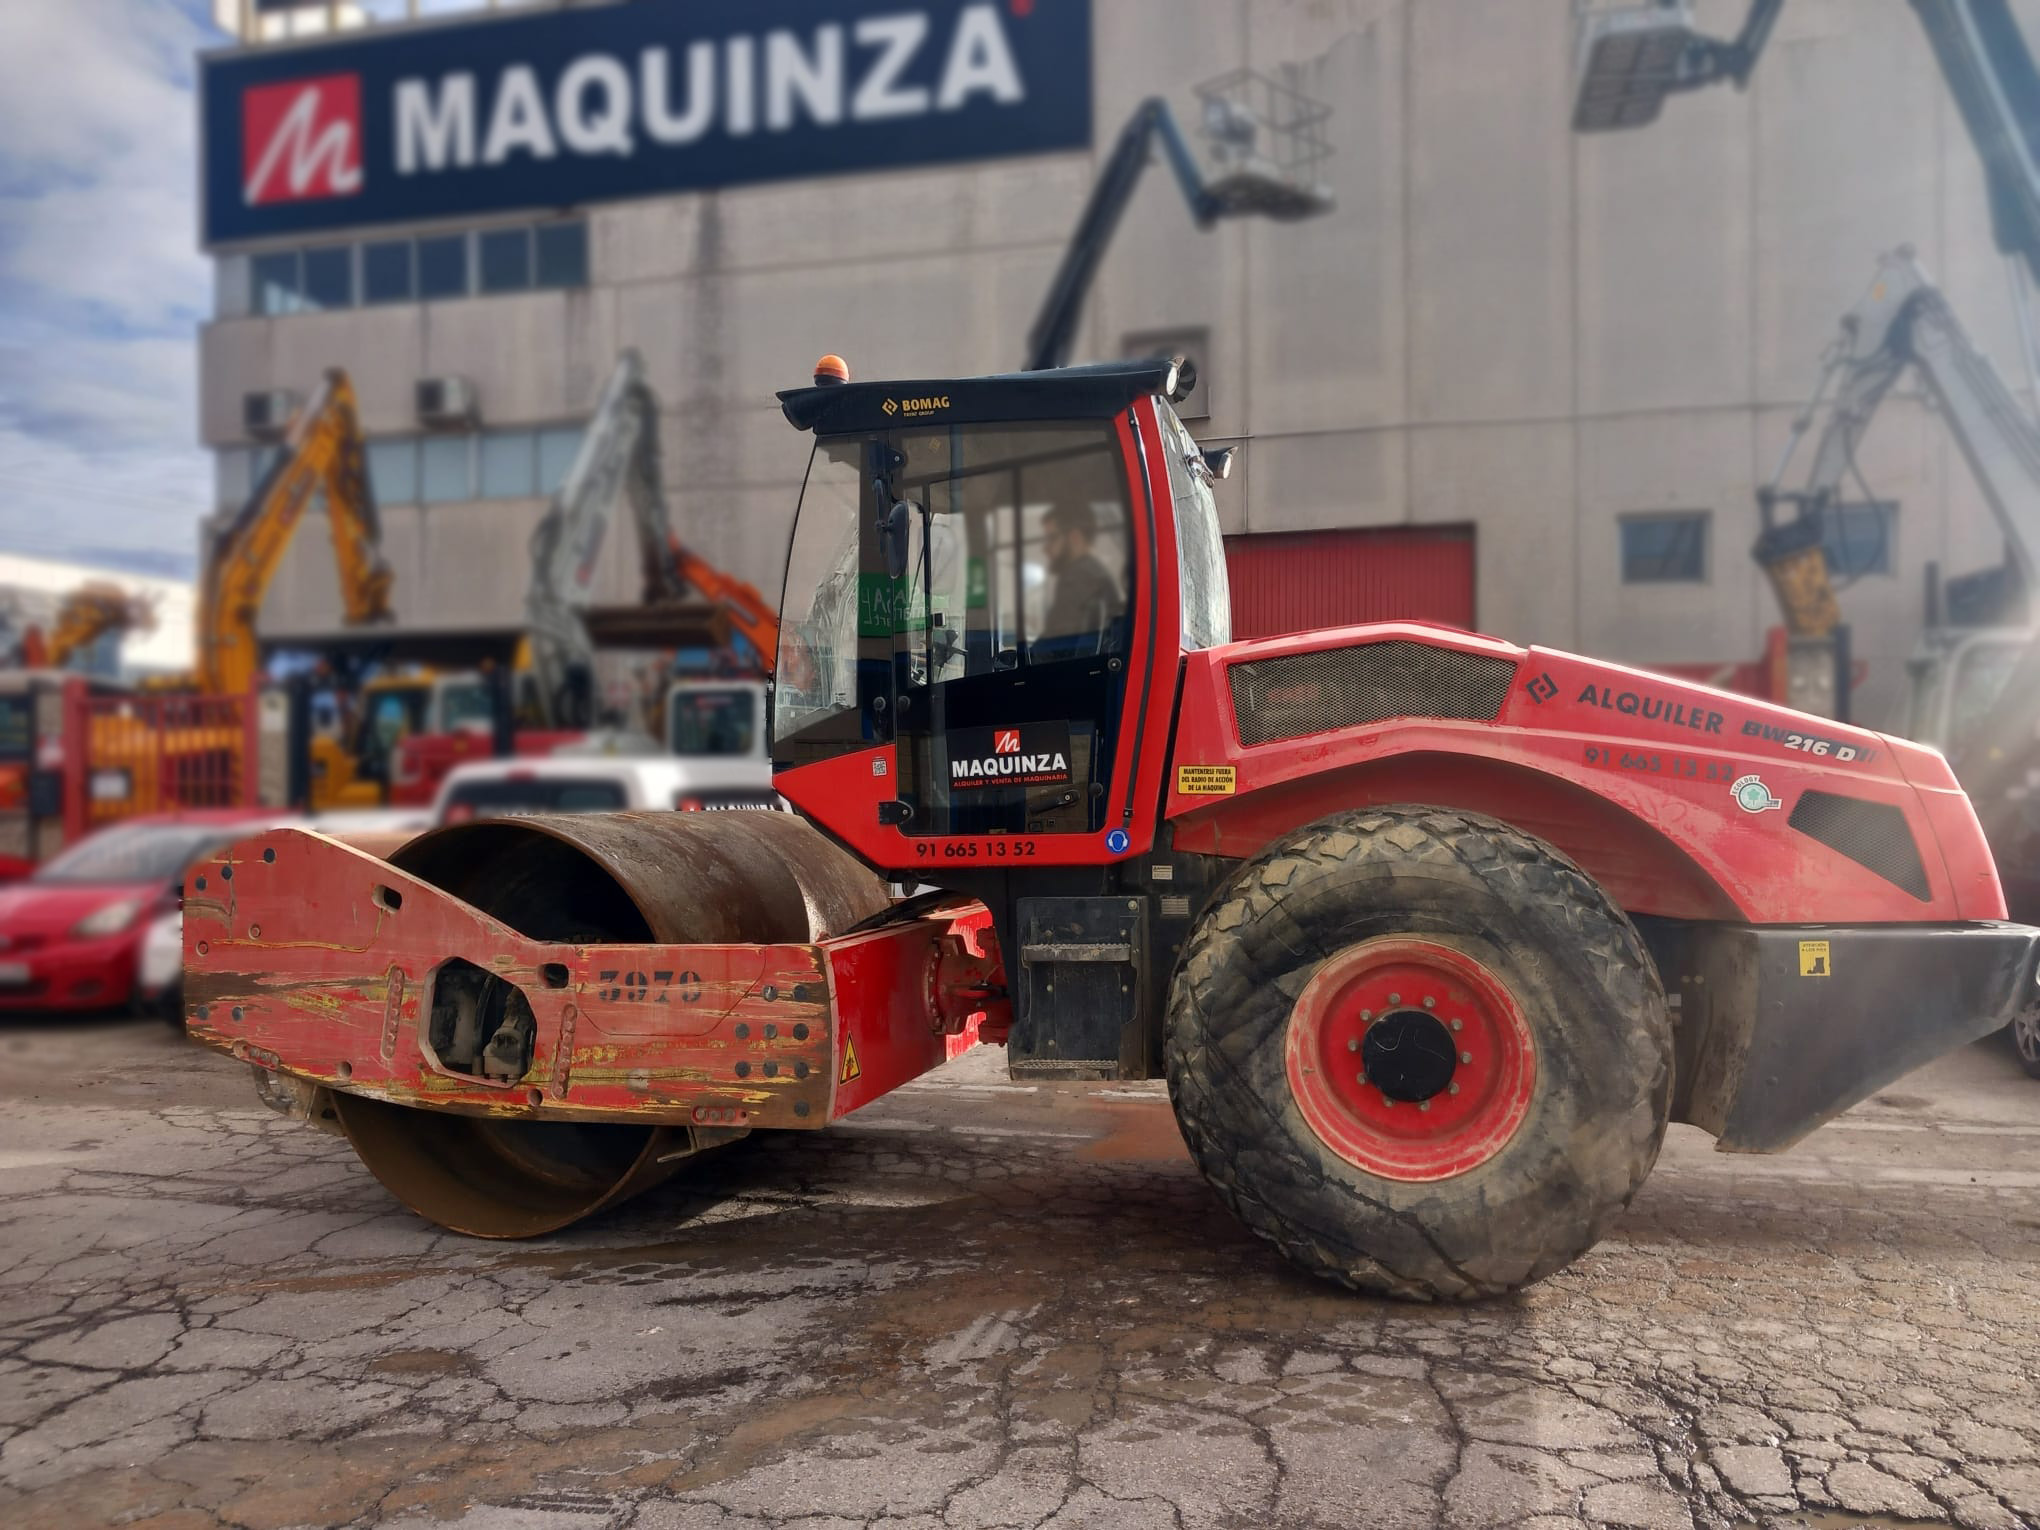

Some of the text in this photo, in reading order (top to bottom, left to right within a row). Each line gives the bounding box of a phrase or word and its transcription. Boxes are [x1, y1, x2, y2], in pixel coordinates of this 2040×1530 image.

[394, 4, 1025, 174] MAQUINZA
[902, 396, 950, 411] BOMAG
[1577, 684, 1724, 734] ALQUILER
[1784, 735, 1831, 756] 216
[952, 753, 1067, 777] MAQUINZA
[1586, 747, 1733, 781] 91 665 13 52
[1024, 773, 1067, 783] MAQUINARIA
[1731, 776, 1758, 795] ECOLOGY
[916, 841, 1035, 857] 91 665 13 52

= = = = = = =

- [Your assignment]
Please produce an exact copy of the listing, omitting the pictures.

- [Response to this task]
Some of the text in this photo, in reading order (top to bottom, left to right within a row). Each line gives the bounding box of a phrase or word and its transcription. Boxes are [x1, y1, x2, y2], in pixel coordinates of this 2040×1530 image.

[394, 4, 1025, 174] MAQUINZA
[902, 396, 950, 411] BOMAG
[1577, 684, 1724, 734] ALQUILER
[1784, 735, 1831, 756] 216
[952, 753, 1067, 777] MAQUINZA
[1586, 747, 1733, 781] 91 665 13 52
[1024, 773, 1067, 783] MAQUINARIA
[1731, 776, 1758, 795] ECOLOGY
[916, 841, 1035, 857] 91 665 13 52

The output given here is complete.